# Linear regression (ridge/lasso)

Load splits from artifacts/data, scale features, run a simple baseline, then a hyperparameter sweep, compare on val, and save outputs under artifacts/linear_regression.


In [9]:
from pathlib import Path
import json
import pandas as pd
import numpy as np
import joblib
from sklearn.preprocessing import StandardScaler
from sklearn.linear_model import Ridge, Lasso, ElasticNet
from sklearn.pipeline import Pipeline
from sklearn.model_selection import TimeSeriesSplit, ParameterGrid
from sklearn.base import clone
from sklearn.metrics import mean_squared_error, mean_absolute_error, r2_score

# paths to data and artifacts
_start = Path.cwd().resolve()
_candidates = [_start] + list(_start.parents)
_repo = None
for p in _candidates:
    if (p / 'notebooks/model_evaluation_final/artifacts/data/split_config.json').exists():
        _repo = p
        break
    if (p / 'data/master_dataset.parquet').exists():
        _repo = p
        break
REPO_ROOT = _repo if _repo else _start
ARTIFACTS_DIR = REPO_ROOT / 'notebooks/model_evaluation_final/artifacts'
DATA_DIR = ARTIFACTS_DIR / 'data'
MODEL_DIR = ARTIFACTS_DIR / 'linear_regression'
for d in [ARTIFACTS_DIR, DATA_DIR, MODEL_DIR]:
    d.mkdir(parents=True, exist_ok=True)

DATA_DIR, MODEL_DIR

(PosixPath('/Users/aayushrijal/Documents/GitHub/volatility_forecast/notebooks/model_evaluation_final/artifacts/data'),
 PosixPath('/Users/aayushrijal/Documents/GitHub/volatility_forecast/notebooks/model_evaluation_final/artifacts/linear_regression'))

In [10]:
#load artifacts
with open(DATA_DIR / 'feature_columns.json') as f:
    feature_cols = json.load(f)
with open(DATA_DIR / 'split_config.json') as f:
    CONFIG = json.load(f)
target_col = CONFIG['target_col']
date_col = CONFIG['date_col']

X_train = pd.read_parquet(DATA_DIR / 'X_train.parquet')
X_val = pd.read_parquet(DATA_DIR / 'X_val.parquet')
X_test = pd.read_parquet(DATA_DIR / 'X_test.parquet')
y_train = pd.read_parquet(DATA_DIR / 'y_train.parquet')[target_col].values
y_val = pd.read_parquet(DATA_DIR / 'y_val.parquet')[target_col].values
y_test = pd.read_parquet(DATA_DIR / 'y_test.parquet')[target_col].values if (DATA_DIR / 'y_test.parquet').exists() else np.array([])

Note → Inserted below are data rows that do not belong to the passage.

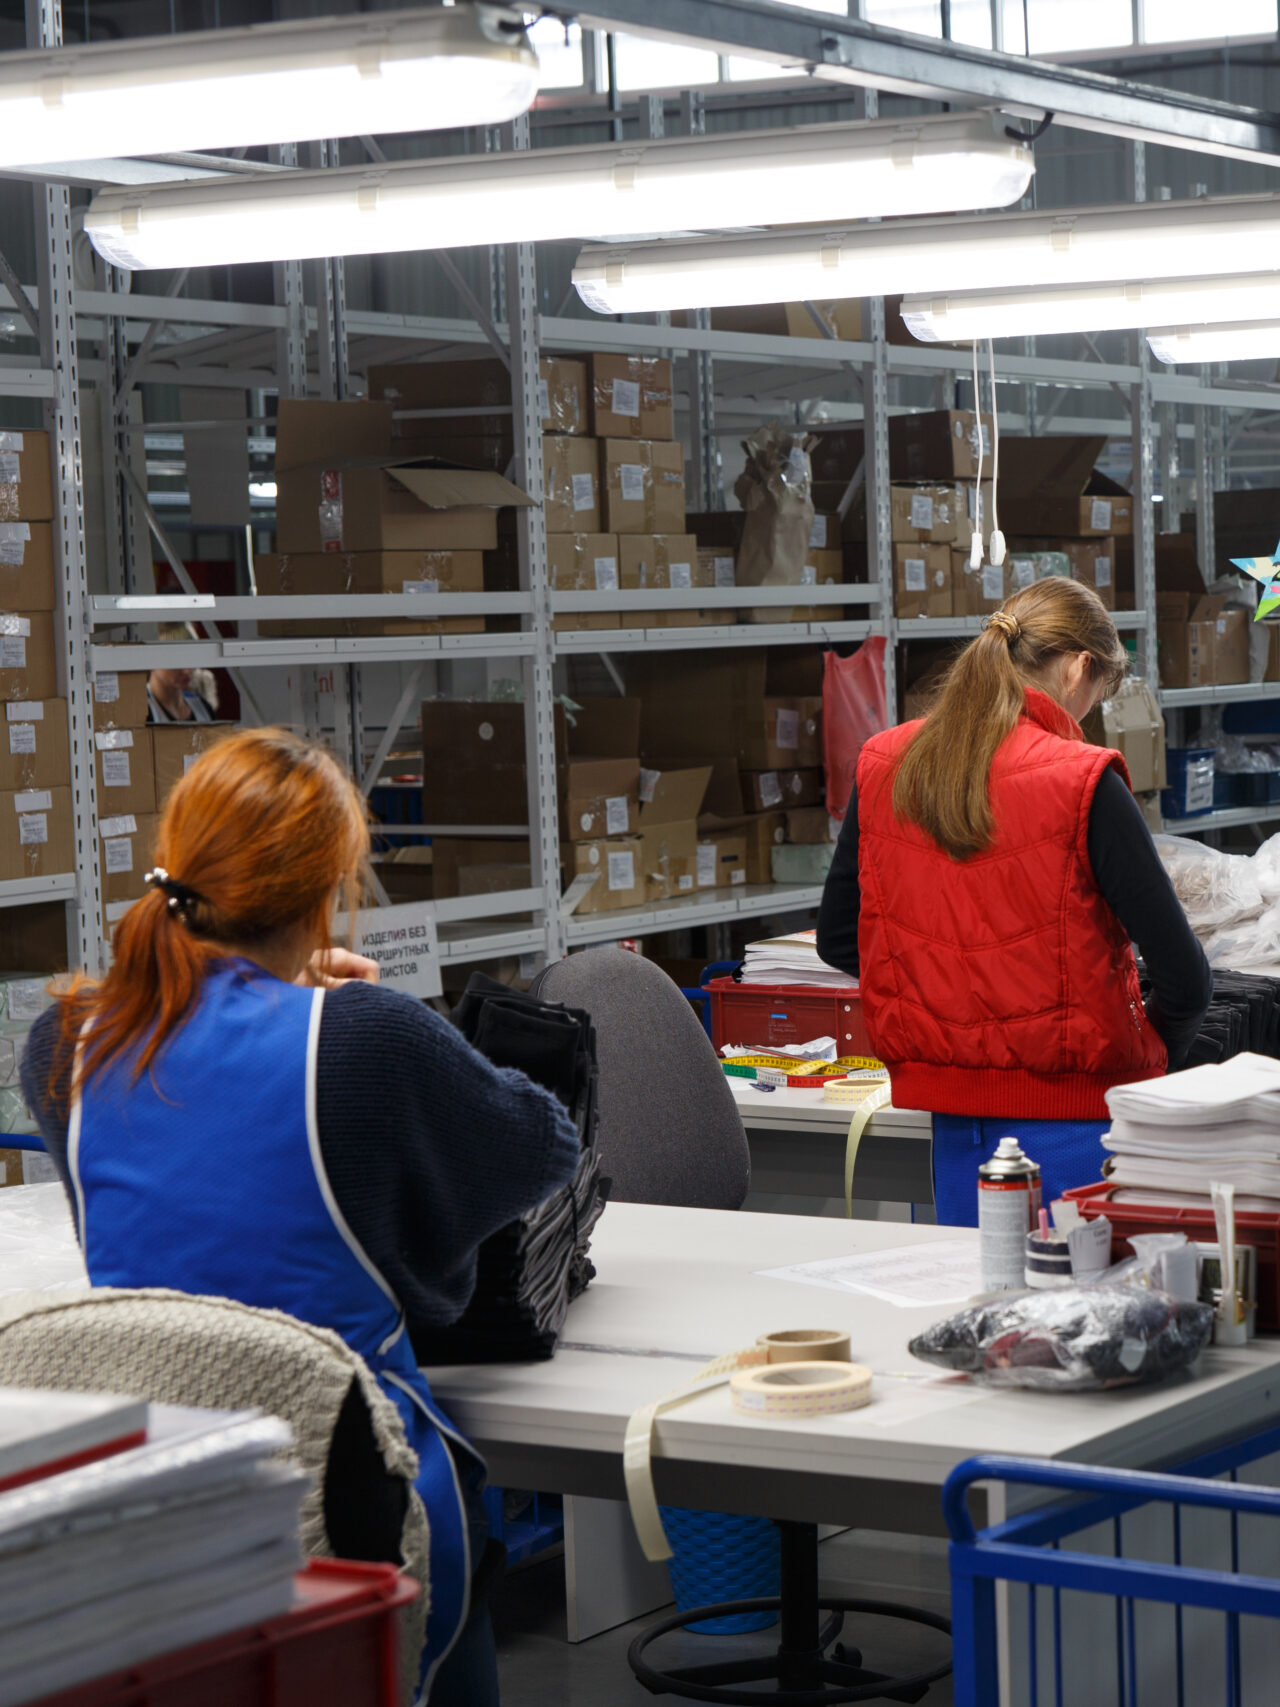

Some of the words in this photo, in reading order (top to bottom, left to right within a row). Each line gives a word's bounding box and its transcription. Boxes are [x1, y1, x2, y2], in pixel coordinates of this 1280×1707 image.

[362, 928, 407, 946] ИЗДЕЛИЯ
[409, 925, 426, 938] БЕЗ
[379, 962, 418, 979] ЛИСТОВ
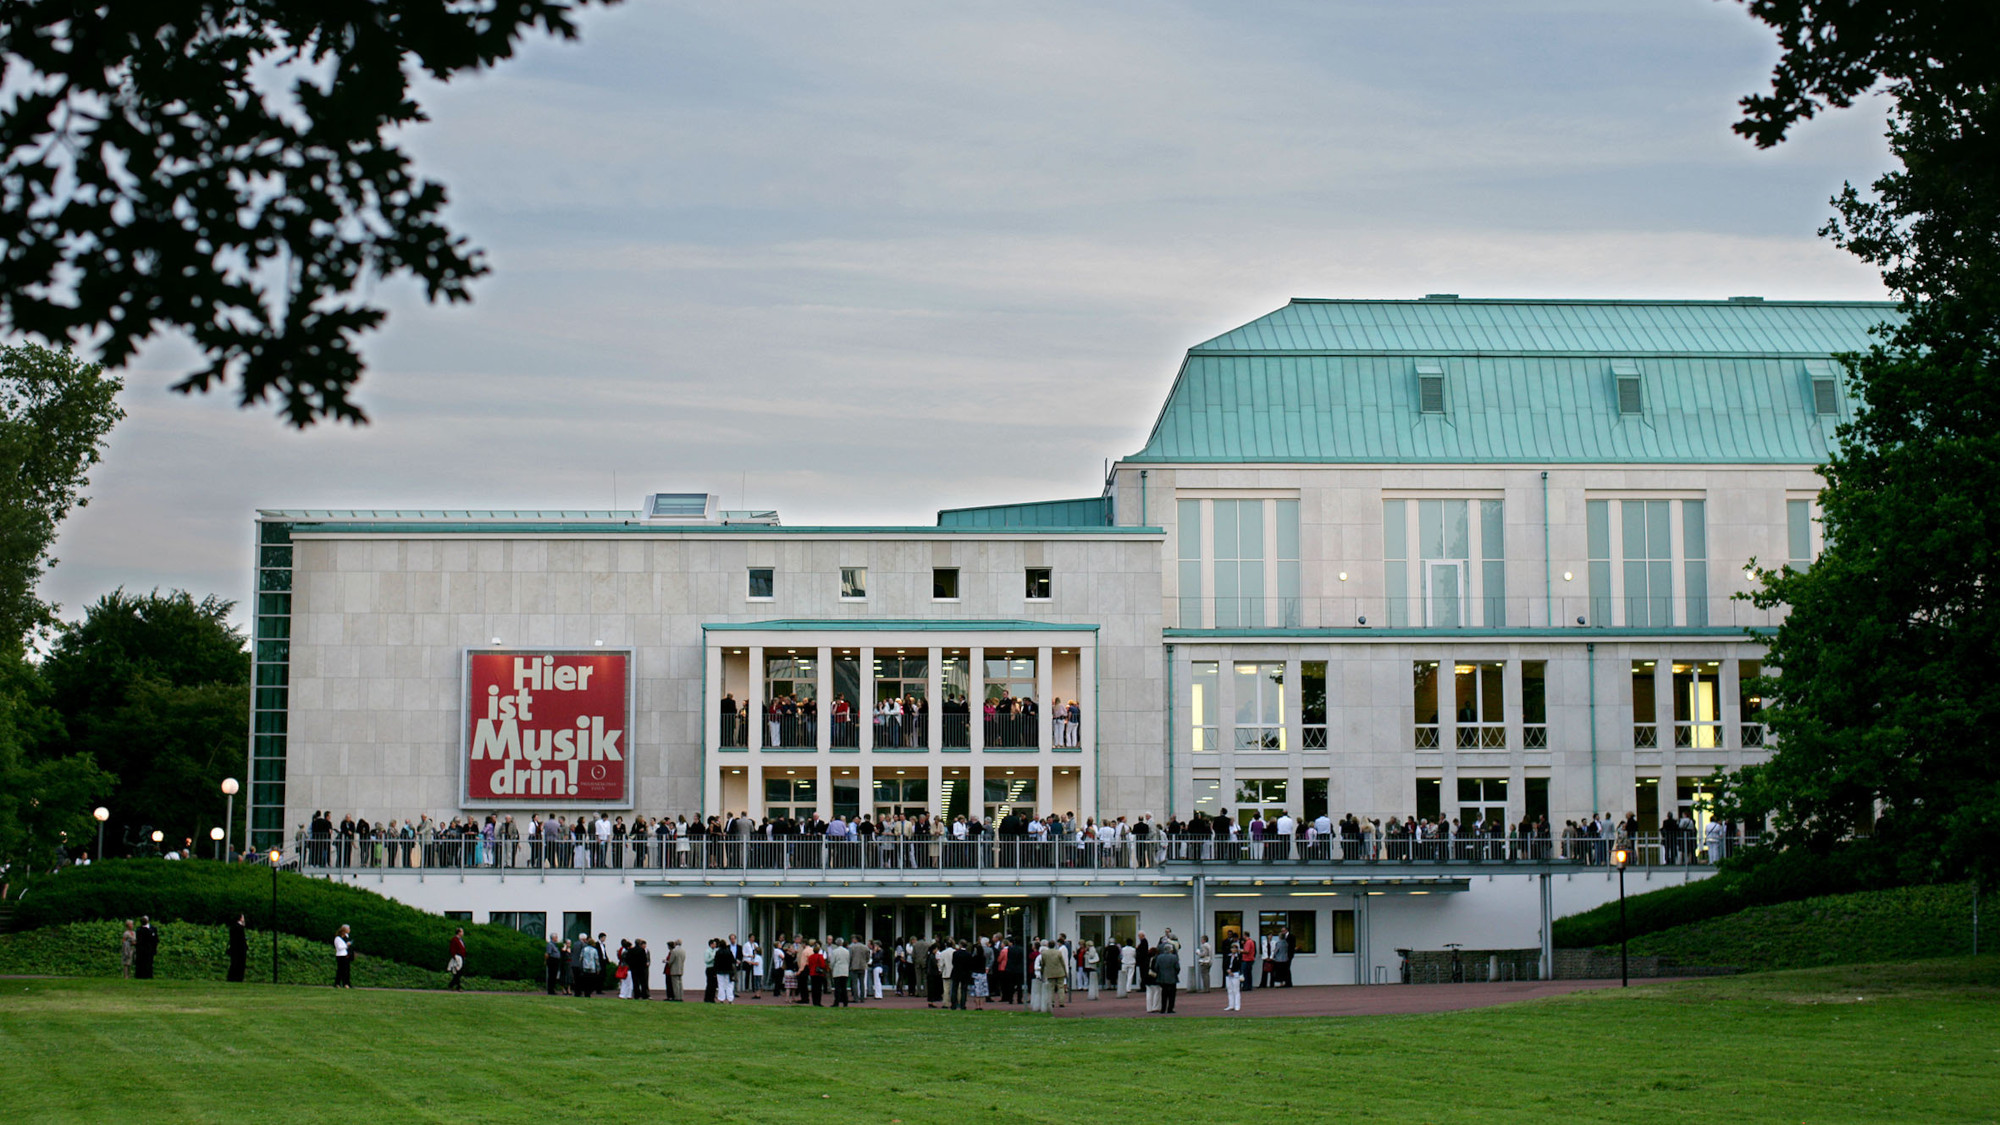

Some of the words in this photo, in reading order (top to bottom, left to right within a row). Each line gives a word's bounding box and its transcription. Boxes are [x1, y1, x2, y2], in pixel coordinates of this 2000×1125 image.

[514, 655, 594, 691] Hier
[488, 685, 533, 721] ist
[471, 715, 623, 761] Musik
[490, 759, 579, 795] drin!
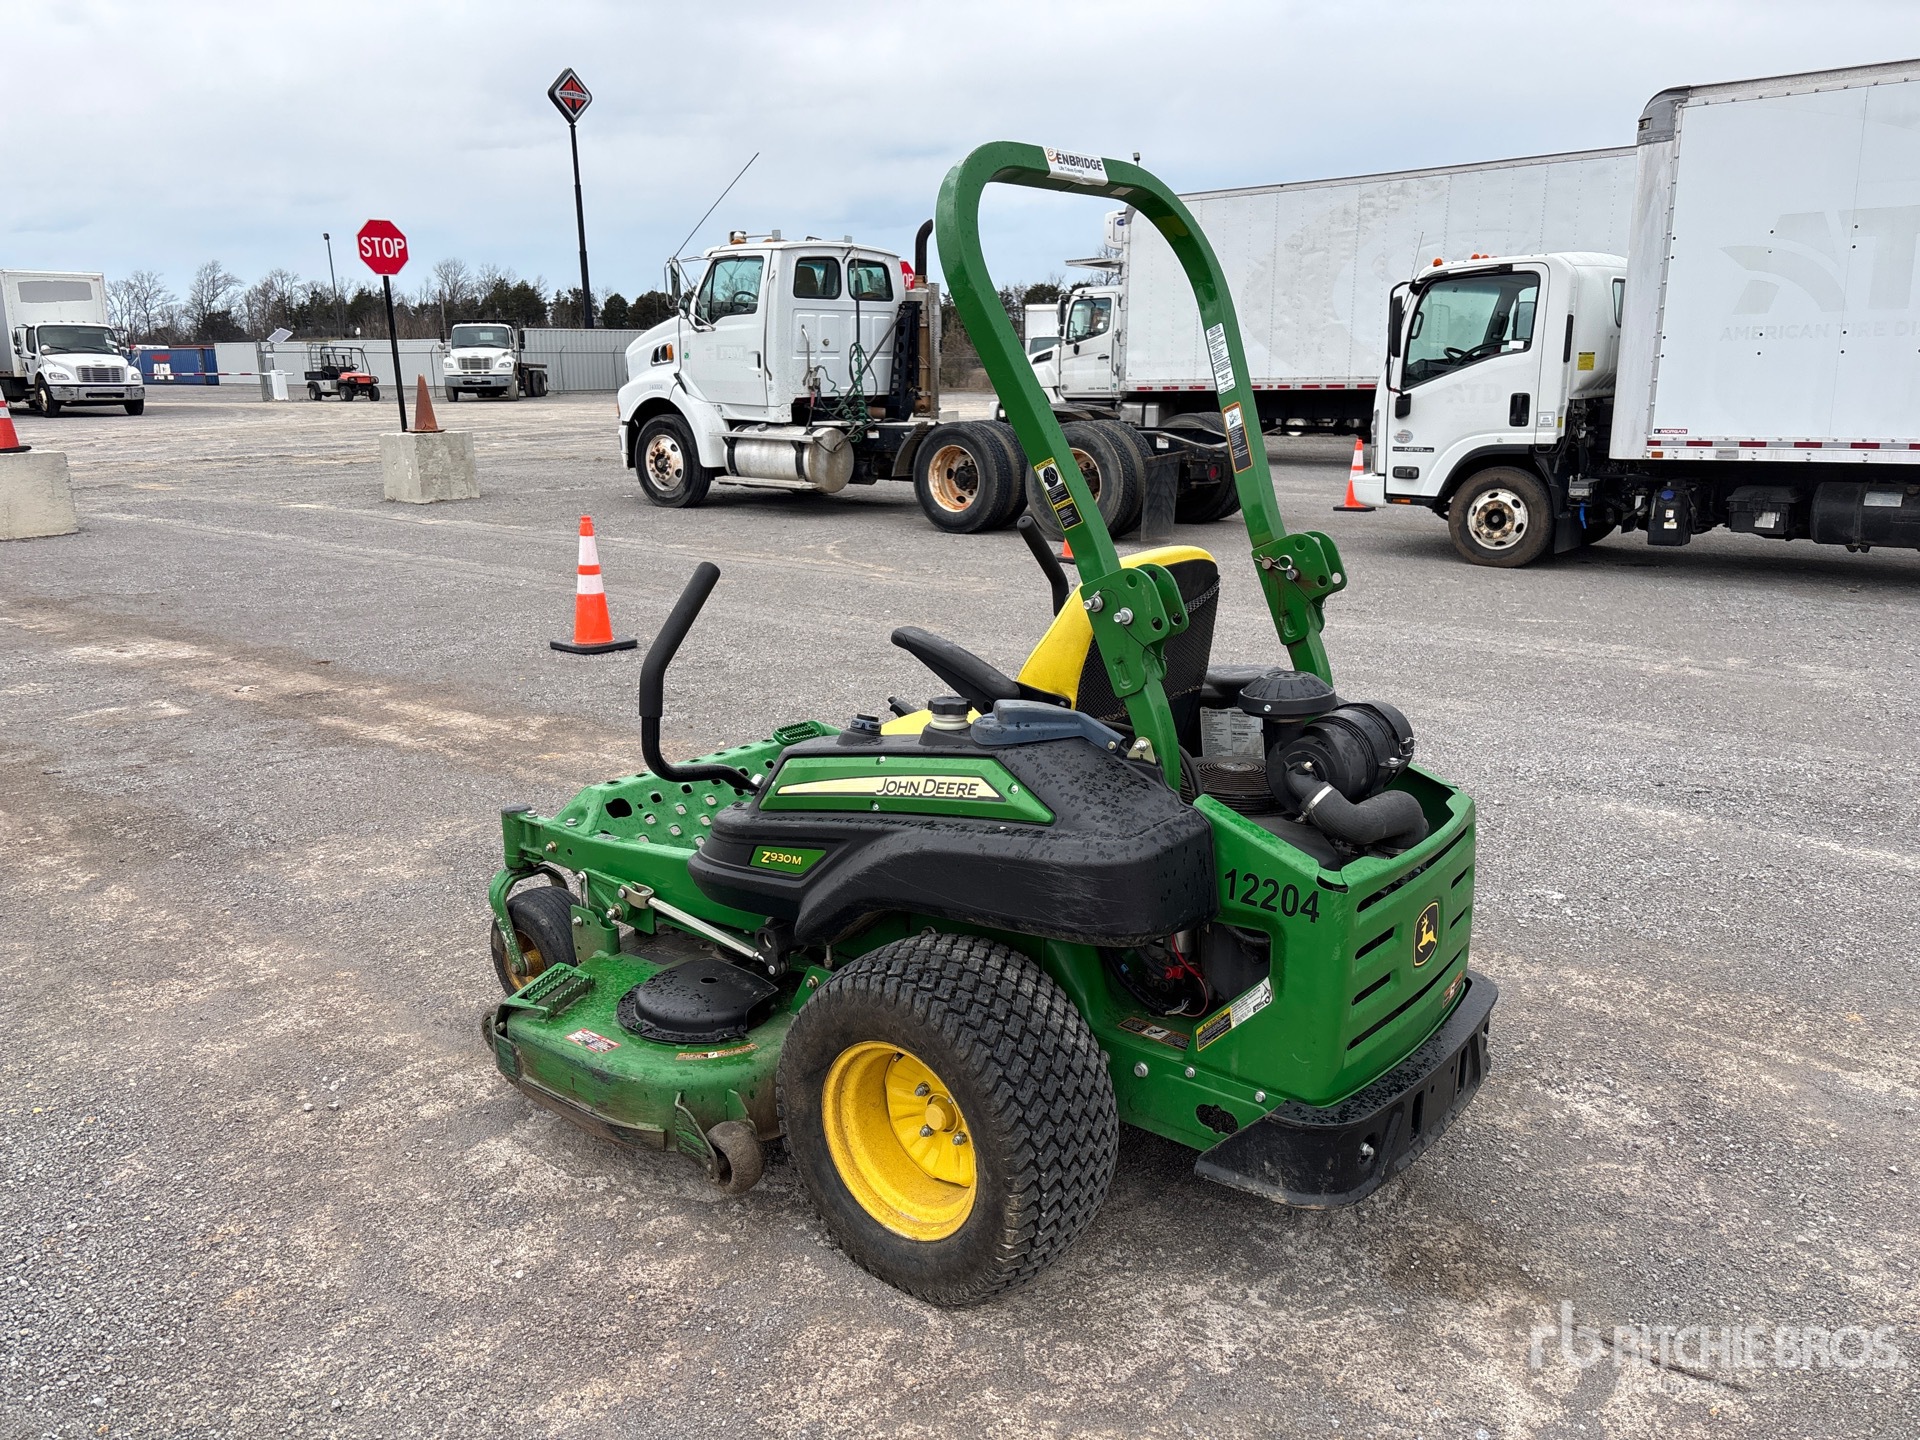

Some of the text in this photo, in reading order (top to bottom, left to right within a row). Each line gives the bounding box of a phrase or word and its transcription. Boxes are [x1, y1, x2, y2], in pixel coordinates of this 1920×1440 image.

[1055, 152, 1103, 171] ENBRIDGE
[360, 236, 405, 258] STOP
[903, 273, 915, 290] OP
[1719, 322, 1830, 342] AMERICAN
[1837, 321, 1888, 338] TIRE
[876, 778, 979, 796] JOHN DEERE
[761, 851, 802, 865] Z930M
[1225, 868, 1320, 924] 12204

len(X_train), len(X_val), len(X_test), len(feature_cols)

(3154, 788, 30, 20)

In [11]:
#keep raw features; scaling handled inside pipelines
X_train_raw = X_train.copy()
X_val_raw = X_val.copy()
X_test_raw = X_test.copy()

len(X_train_raw), len(X_val_raw), len(X_test_raw)


(3154, 788, 30)

In [12]:
# small helper functions

def metrics(y_true, y_pred):
    return {
        'rmse': float(np.sqrt(mean_squared_error(y_true, y_pred))),
        'mae': float(mean_absolute_error(y_true, y_pred)),
        'r2': float(r2_score(y_true, y_pred))
    }

def eval_model(model, name, X_tr, y_tr, X_v, y_v, X_te=None, y_te=None):
    model.fit(X_tr, y_tr)
    pred_tr = model.predict(X_tr)
    pred_v = model.predict(X_v)
    out = {
        'name': name,
        'train': metrics(y_tr, pred_tr),
        'val': metrics(y_v, pred_v)
    }
    preds = {'train': pred_tr, 'val': pred_v, 'test': None}
    if X_te is not None and len(X_te):
        pred_te = model.predict(X_te)
        out['test'] = metrics(y_te, pred_te)
        preds['test'] = pred_te
    return out, model, preds

def ts_cv_score(model, X, y, n_splits=5):
    tscv = TimeSeriesSplit(n_splits=n_splits)
    scores = []
    for train_idx, val_idx in tscv.split(X):
        X_tr, X_va = X.iloc[train_idx], X.iloc[val_idx]
        y_tr, y_va = y[train_idx], y[val_idx]
        m = clone(model)
        m.fit(X_tr, y_tr)
        preds = m.predict(X_va)
        scores.append(np.sqrt(mean_squared_error(y_va, preds)))
    return float(np.mean(scores)), float(np.std(scores))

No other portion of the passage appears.